Department of Plant Sciences, Downing Street, University of Cambridge, Cambridge CB2 3EA, UK.
J Exp Bot. 2011 May;62(9):3049-59. doi: 10.1093/jxb/err012. Epub 2011 Feb 14.
Our most productive crops and native vegetation use a modified version of photosynthesis known as the C(4) pathway. Leaves of C(4) crops have increased nitrogen and water use efficiencies compared with C(3) species. Although the modifications to leaves of C(4) plants are complex, their faster growth led to the proposal that C(4) photosynthesis should be installed in C(3) crops in order to increase yield potential. Typically, a limited set of proteins become restricted to mesophyll or bundle sheath cells, and this allows CO(2) to be concentrated around the primary carboxylase RuBisCO. The role that these proteins play in C(3) species prior to their recruitment into the C(4) pathway is addressed here. Understanding the role of these proteins in C(3) plants is likely to be of use in predicting how the metabolism of a C(3) leaf will alter as components of the C(4) pathway are introduced as part of efforts to install characteristics of C(4) photosynthesis in leaves of C(3) crops.

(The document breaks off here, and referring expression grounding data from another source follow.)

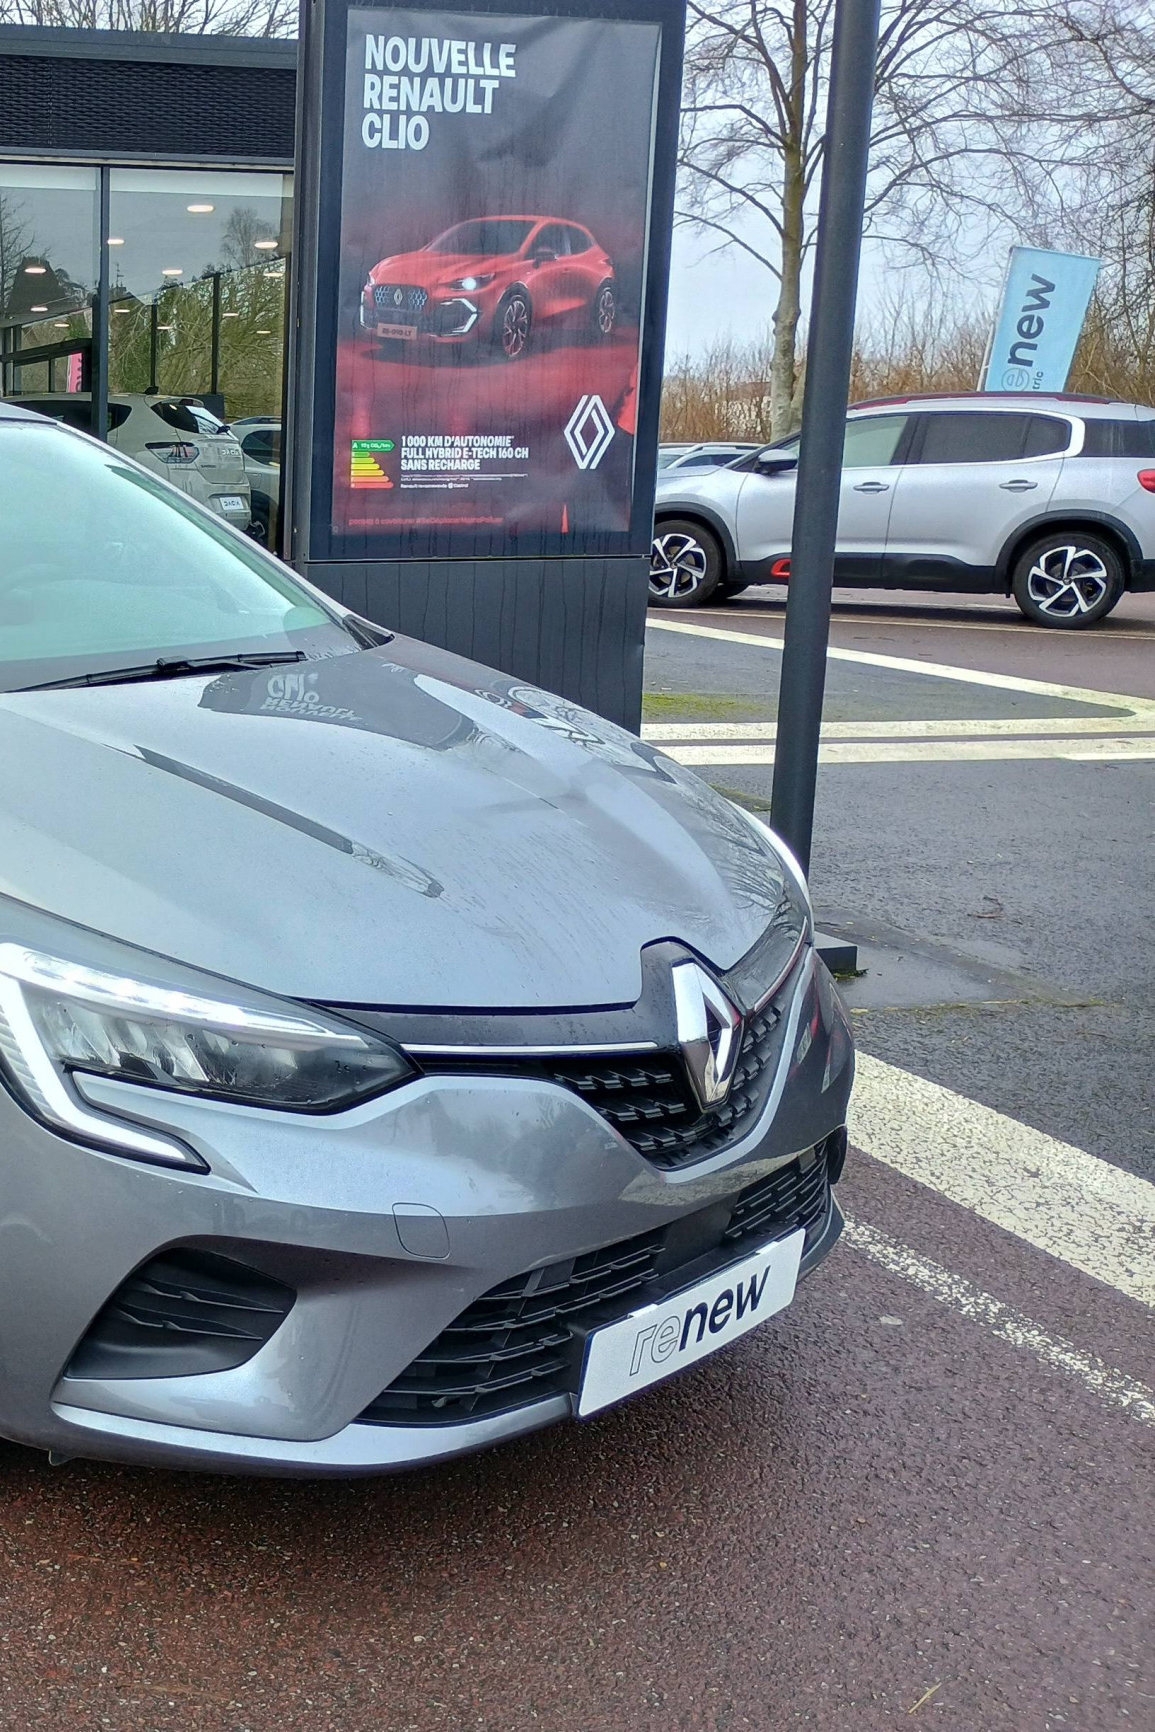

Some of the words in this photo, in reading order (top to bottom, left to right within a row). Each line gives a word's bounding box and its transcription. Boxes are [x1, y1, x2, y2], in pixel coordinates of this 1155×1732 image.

[364, 34, 517, 77] NOUVELLE
[363, 73, 500, 114] RENAULT
[361, 112, 430, 150] CLIO
[401, 447, 425, 458] FULL
[426, 447, 464, 458] HYBRID
[464, 447, 497, 458] E-TECH
[498, 447, 514, 458] 160
[515, 447, 529, 458] CH
[427, 436, 443, 447] KM
[401, 459, 427, 470] SANS
[428, 459, 480, 470] RECHARGE
[629, 1265, 772, 1377] renew
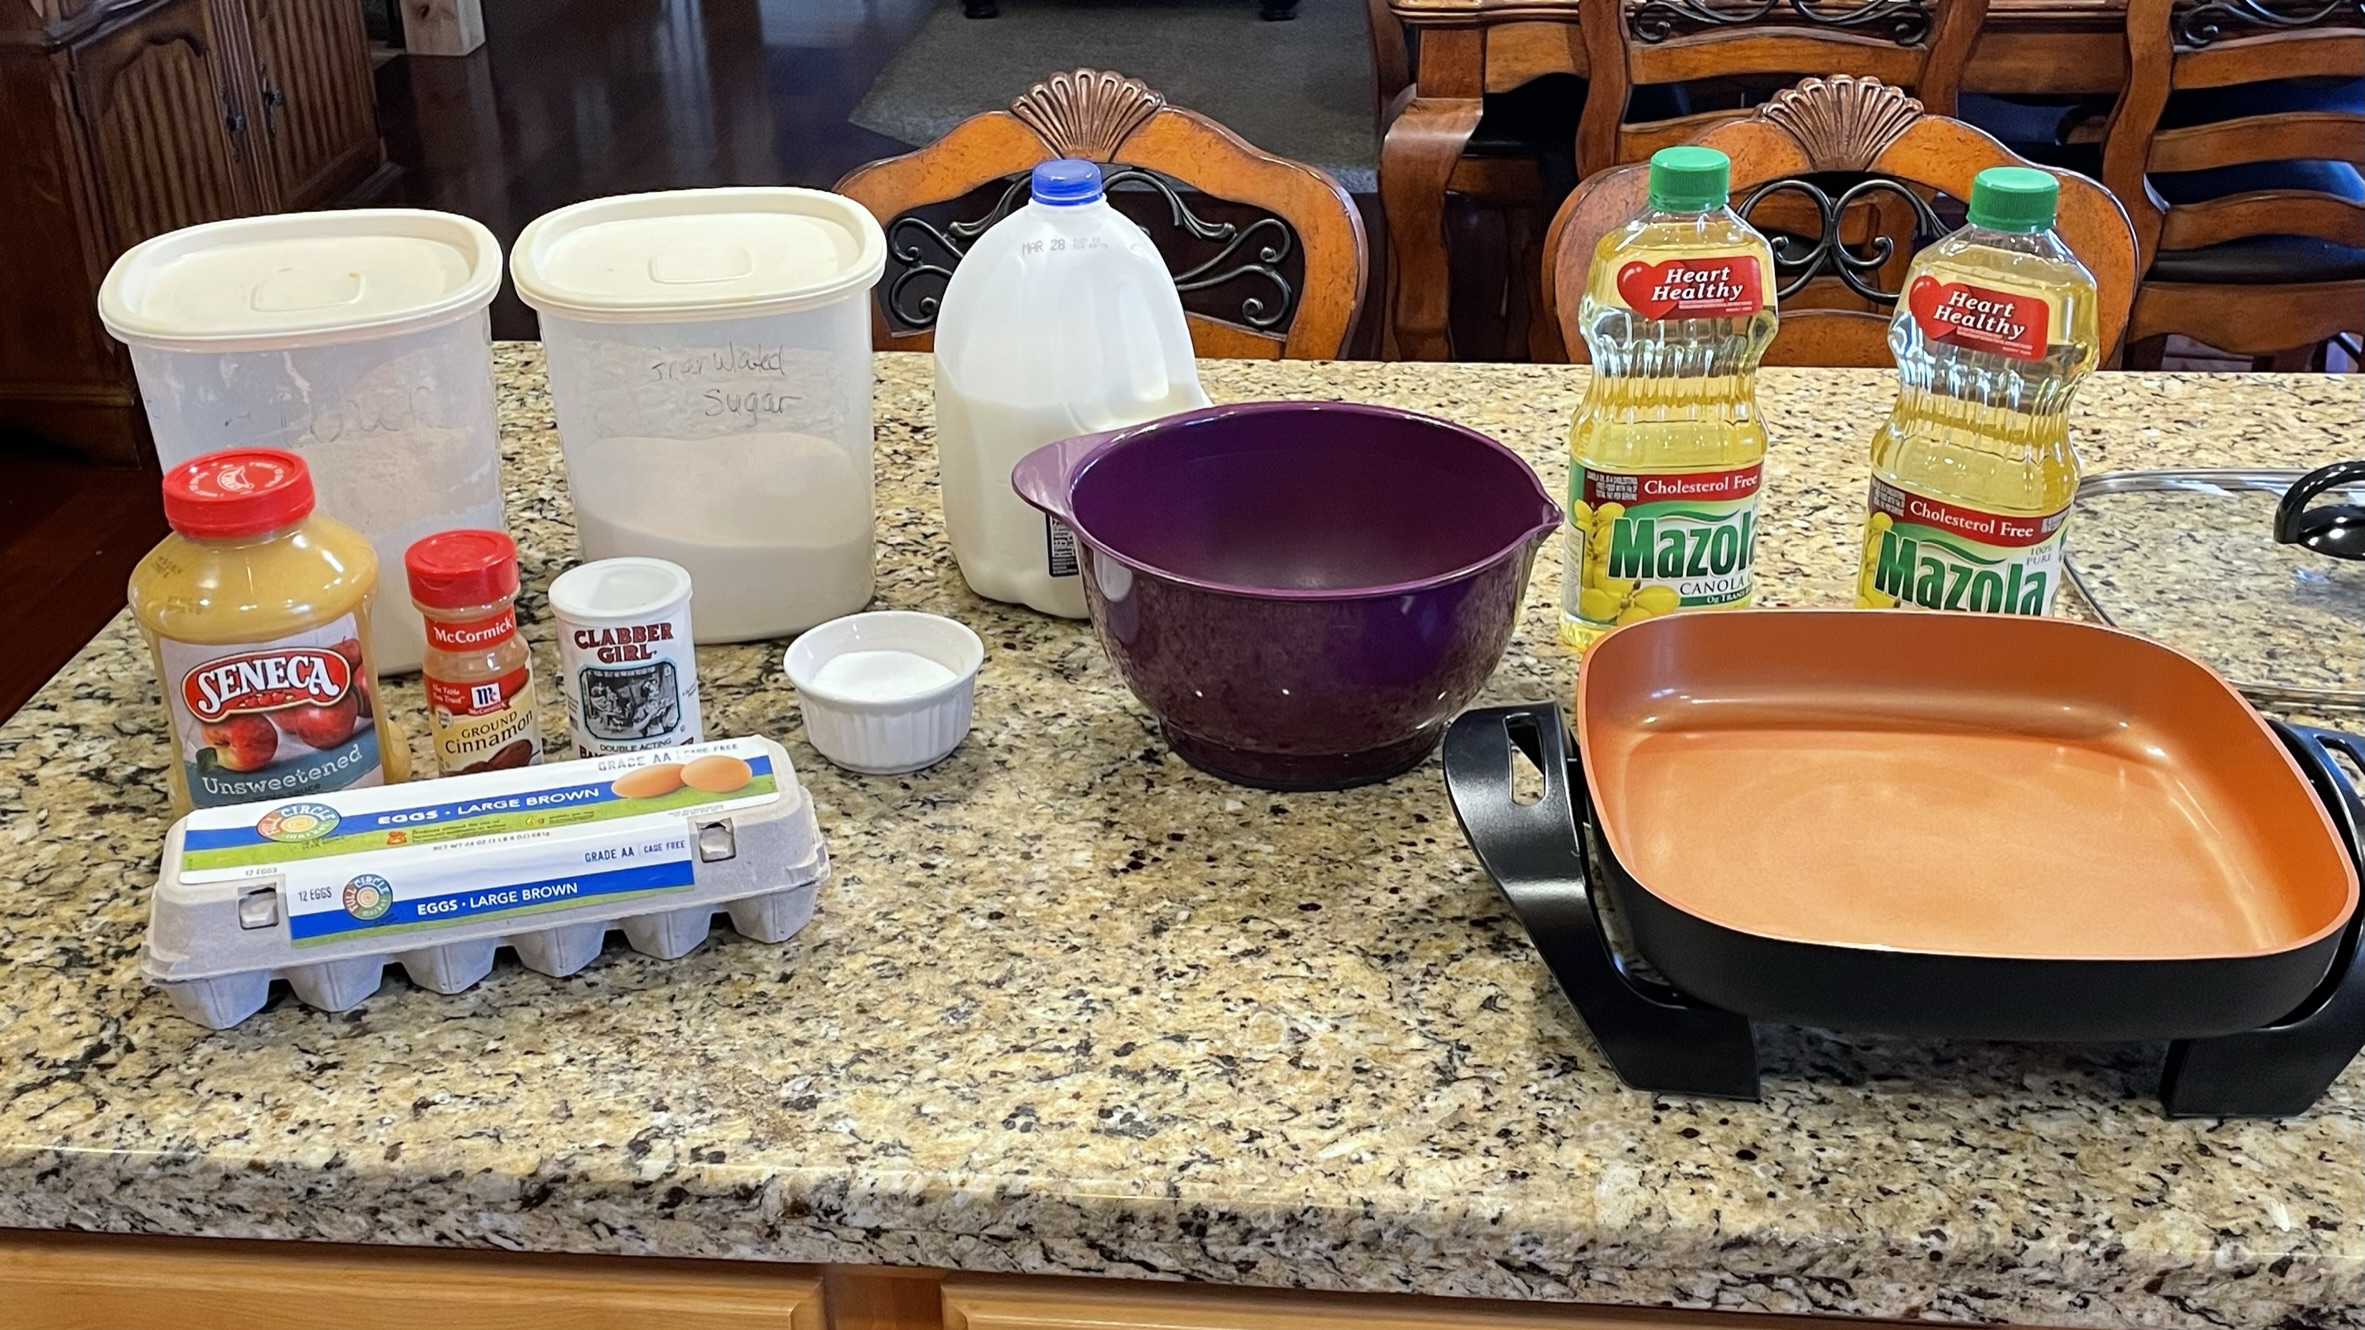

我们最具生产力的作物和本地植被使用一种被称为 C(4)途径的光合作用的改良版本。与 C(3)物种相比,C(4)作物的叶片具有更高的氮和水利用效率。尽管 C(4)植物叶片的修饰很复杂,但它们更快的生长速度导致了这样一种提议,即应该在 C(3)作物中安装 C(4)光合作用,以提高潜在产量。通常,一组有限的蛋白质仅限于叶肉或束鞘细胞,这使得 CO(2)能够在初级羧化酶 RuBisCO 周围浓缩。这里讨论了这些蛋白质在 C(3)物种中被招募到 C(4)途径之前所起的作用。了解这些蛋白质在 C(3)植物中的作用可能有助于预测随着 C(4)途径成分的引入,C(3)叶片的代谢将如何改变,因为这些成分是作为将 C(4)光合作用的特征引入 C(3)作物叶片的一部分而引入的。